■ TASK DIRECTIONS
Images in the records should be skipped while the rest is transcribed verbatim.

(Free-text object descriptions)

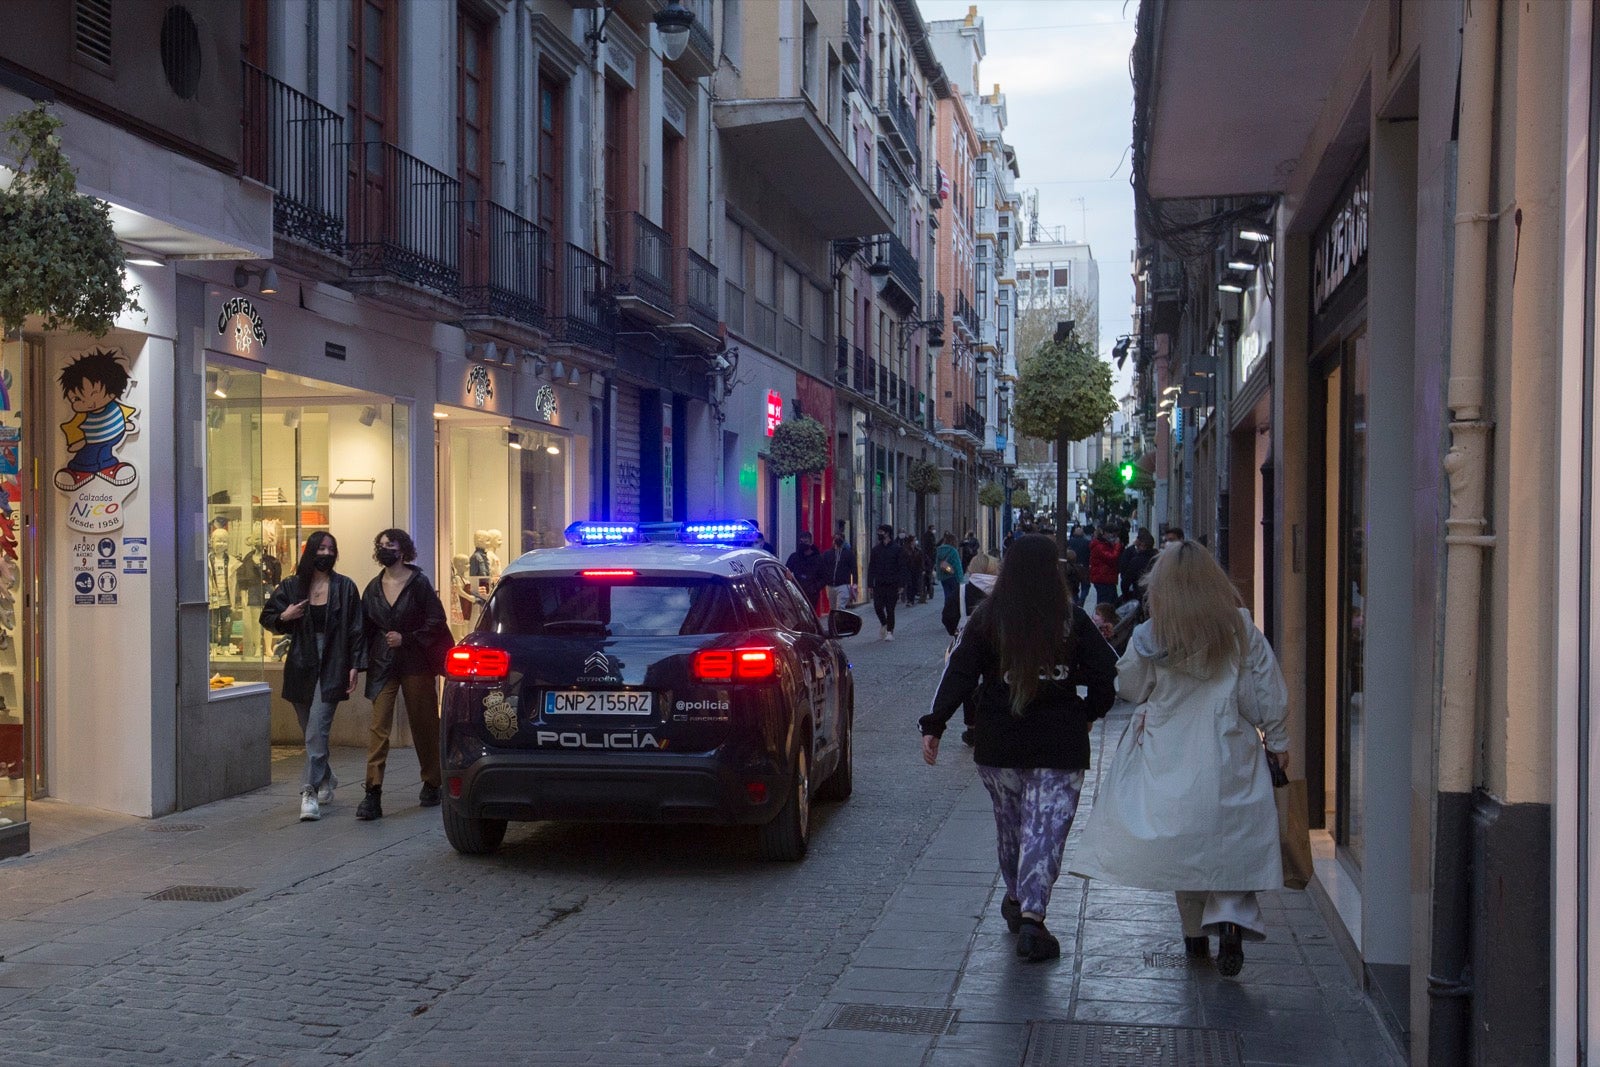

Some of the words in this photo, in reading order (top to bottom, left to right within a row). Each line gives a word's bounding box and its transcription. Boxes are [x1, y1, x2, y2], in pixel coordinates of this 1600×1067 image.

[79, 493, 113, 502] Calzados
[69, 516, 95, 529] desde
[98, 517, 120, 529] 1958
[73, 543, 96, 552] AFORO
[82, 558, 87, 567] 9
[675, 700, 729, 711] @policia
[537, 730, 660, 748] POLICÍA
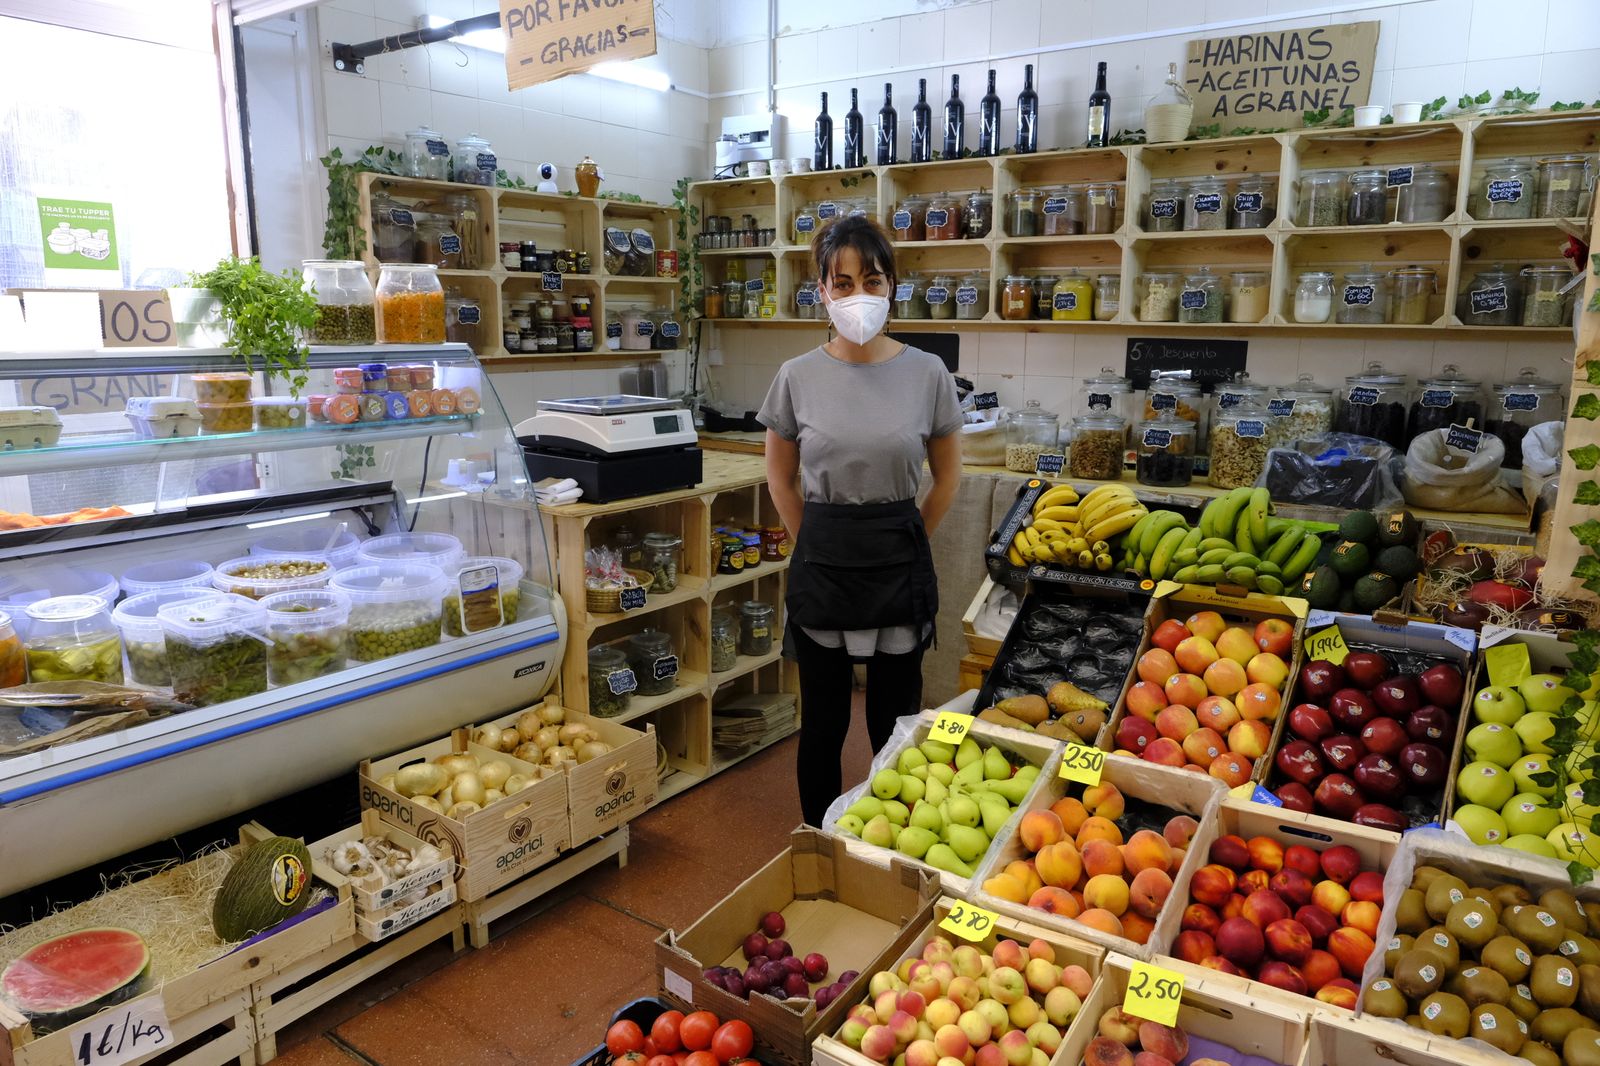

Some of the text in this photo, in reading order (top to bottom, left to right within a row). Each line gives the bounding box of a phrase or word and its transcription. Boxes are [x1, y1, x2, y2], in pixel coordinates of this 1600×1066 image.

[506, 0, 552, 39] POR
[78, 208, 110, 217] TUPPER
[1046, 570, 1068, 580] PERAS
[1069, 573, 1077, 581] DE
[1106, 578, 1114, 586] DE

■ SOLUTION TO THIS PROBLEM
Some of the words in this photo, in reading order (top to bottom, left to right within a row). Each line gives a word's bounding box and its transcription. Boxes are [x1, y1, x2, y2], in pixel coordinates of this 1600×1067 image.

[79, 493, 113, 502] Calzados
[69, 516, 95, 529] desde
[98, 517, 120, 529] 1958
[73, 543, 96, 552] AFORO
[82, 558, 87, 567] 9
[675, 700, 729, 711] @policia
[537, 730, 660, 748] POLICÍA

Some of the text in this photo, in reading order (top to bottom, left to right within a row). Each line gives the bounding box of a phrase or word and its transcription. Boxes are [x1, y1, x2, y2], in pixel coordinates of this 1600×1066 image.

[506, 0, 552, 39] POR
[78, 208, 110, 217] TUPPER
[1046, 570, 1068, 580] PERAS
[1069, 573, 1077, 581] DE
[1106, 578, 1114, 586] DE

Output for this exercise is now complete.